Хоть улыбка Хороном стертая.
Багровится кровь, но стирать не смей
Мое платье – мечту вампирскую.
Уходи к другой. Ты же полз за ней,
Целовал ей грудь сатанинскую.
А меня оставь для других забав,
Пусть зеваки мной полюбуются.
Пусть подумают, что лежу, устав,
Грязной девкой на грязной улице…
Ну... Вот я и вернулась. Приветик всем! Моя жизнь изменилась на 200 процентов из 100 возможных! Но теперь я снова здесь с вами, мои милые друзья! Ура!!!
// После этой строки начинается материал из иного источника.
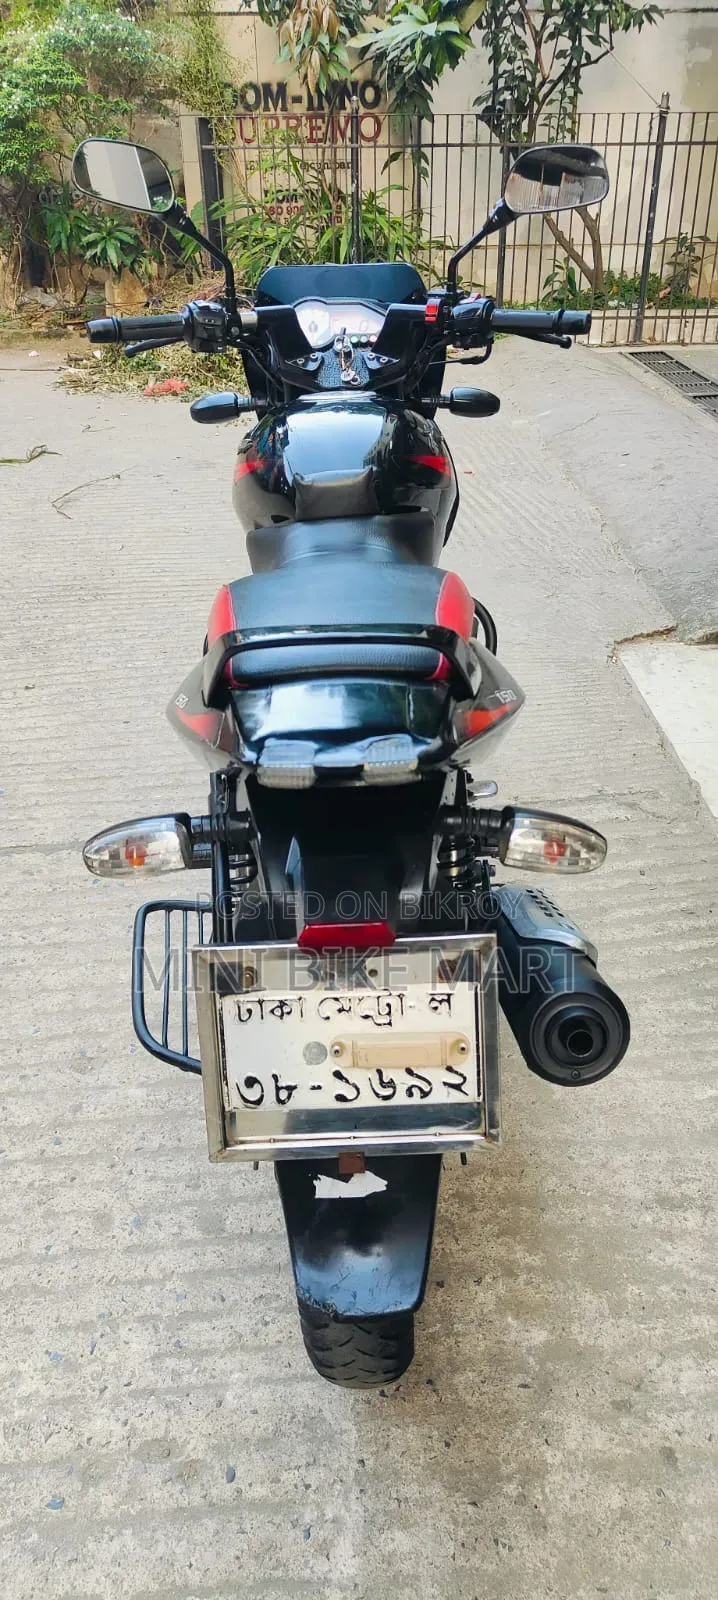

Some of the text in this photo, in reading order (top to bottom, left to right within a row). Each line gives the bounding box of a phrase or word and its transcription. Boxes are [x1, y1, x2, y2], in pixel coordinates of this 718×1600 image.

[224, 80, 381, 112] OM-INNO
[236, 112, 382, 143] UPREMO
[234, 995, 305, 1023] ঢাকা
То ли пригрезилось, то ли пригрОзилось,
То ли вообще пригрозИлось...
Только к подошвам моим принавозилось
Время. И долго возилось
То ли со мной, то ль по склизким дорогам...
И становилось дороже.
Я за него предлагала немного
И упустила... О, боже!
Время отлипло. Оно убежало.
Время сказало: «Не время».
Я не стенала. Стонала. Но мало.
Я в повседневности всеми
Брошена в будничность и в безминутность.
Только в виске что-то больно
Тикает... Я не пойду на беспутность,
Хоть мне и сказано: «Вольно!»
Время... Оно потеряло начало,
Глупо планету вращая.
Время ушло от меня и пропало.
Может, успеем по чаю?
Две пули назад я любила людей,
Теперь мне секунда — за сотни столетий.
Две пули, как сотни горячих гвоздей
Вошли ко мне в грудь, как по маслу. Жалеть ли?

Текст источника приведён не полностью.